The minimalist sensibility is reflected in the cinematography, which has to do what it can from the enclosing sets and the claustrophobic nature of the spaceship. The opening is a sort of quasi oner of the lift-off from Earth with the camera locked mostly on the faces of the three official crew-members as the ship shakes violently, which emphasises the personal nature of the story straight away (a nice touch being Dae Kim utilising a sick bag when they reach orbit). Throughout the film, but most obviously near the beginning on a media call, the communications with Earth are depicted in an entirely one-sided way, with mission control just a teeny voice in the ear you can’t quite make out, a great technique for emphasising the isolation of the situation (and which, in a time of COVID-enforced isolation, only adds to the films resonance). The film never loses itself in the science-fiction of the world, save in the finale perhaps, where confusion arises over exactly what the crew if trying to do to save the day, in that lengthy space walk and a death defying chase involving solar waves. Worth noting also is the score by Volker Bertelmann. This is a simplistic thing in a lot of ways, but the basic electronica and rhythmic beats do add something to the atmosphere, becoming a sort of otherworldly accompaniment to what is going on, unsettling and decidedly strange the deeper the characters get into space.

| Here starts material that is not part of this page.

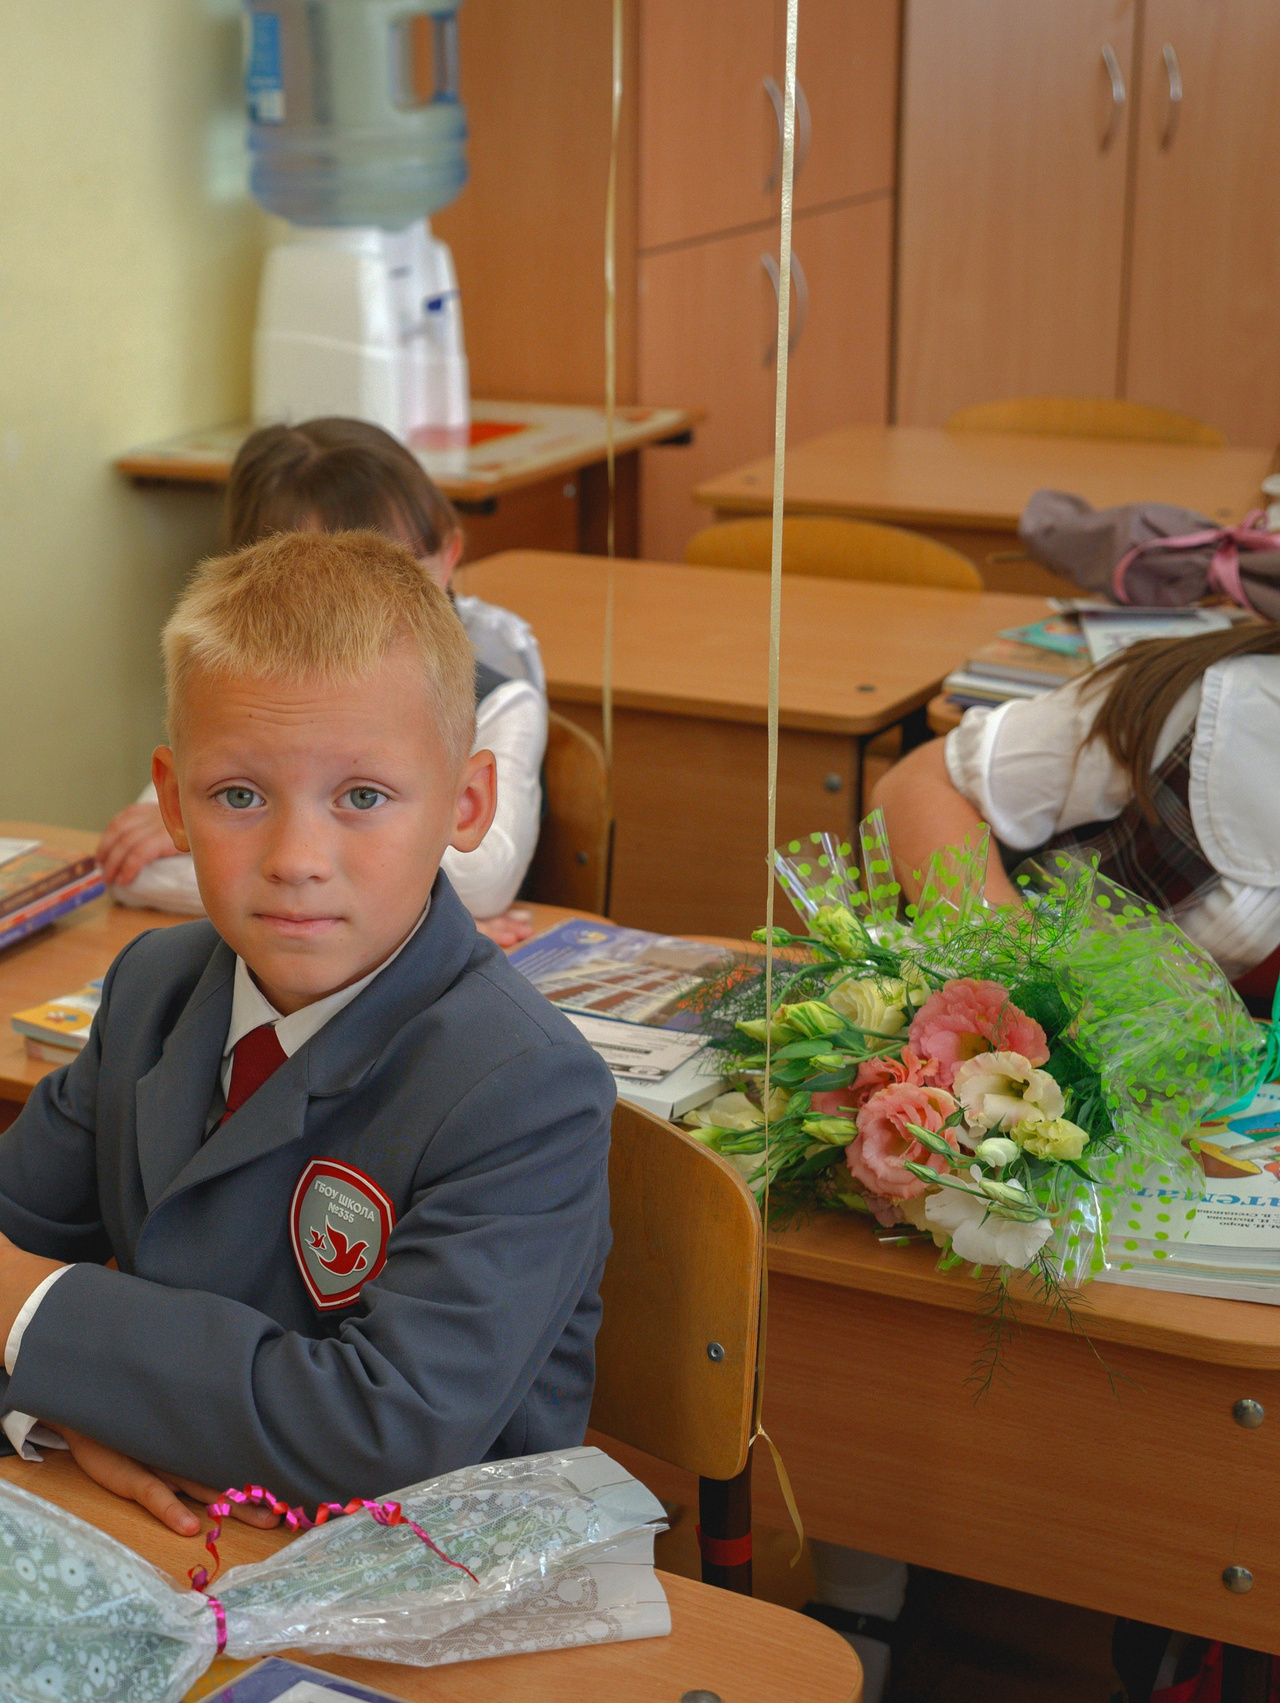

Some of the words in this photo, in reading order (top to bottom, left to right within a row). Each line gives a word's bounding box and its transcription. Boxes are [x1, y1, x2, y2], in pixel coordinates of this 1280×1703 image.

[314, 1180, 339, 1200] ГБОУ
[338, 1193, 375, 1222] ШКОЛА
[327, 1201, 355, 1223] №335

So, Stowaway has its ups and down. Penna is essentially trying to make lightning strike twice with a very similar film to Arctic, and there are obvious issues that come with that. One wishes that it might have a bit more daring in that regard, and that’s before you recognise the other derivative aspects of Stowaway that owe much to other entries in this particular sub-sub-genre. But there is plenty otherwise to pique interest. The four cast members are great, working well with a script that lesser players might well have struggled with. The film looks good and sounds good. It does give us a pretty through examination of a pretty dire moral quandary, and infuses its narrative with the same sense of hope and compassion that made Arctic as good as it was. It is a bit of a step down from Penna’s first film, but not that far of a step down. One hopes that he might branch out now if he chooses to continue making movies. Recommended.

No walking the plank here.

(All images are copyright of Netflix).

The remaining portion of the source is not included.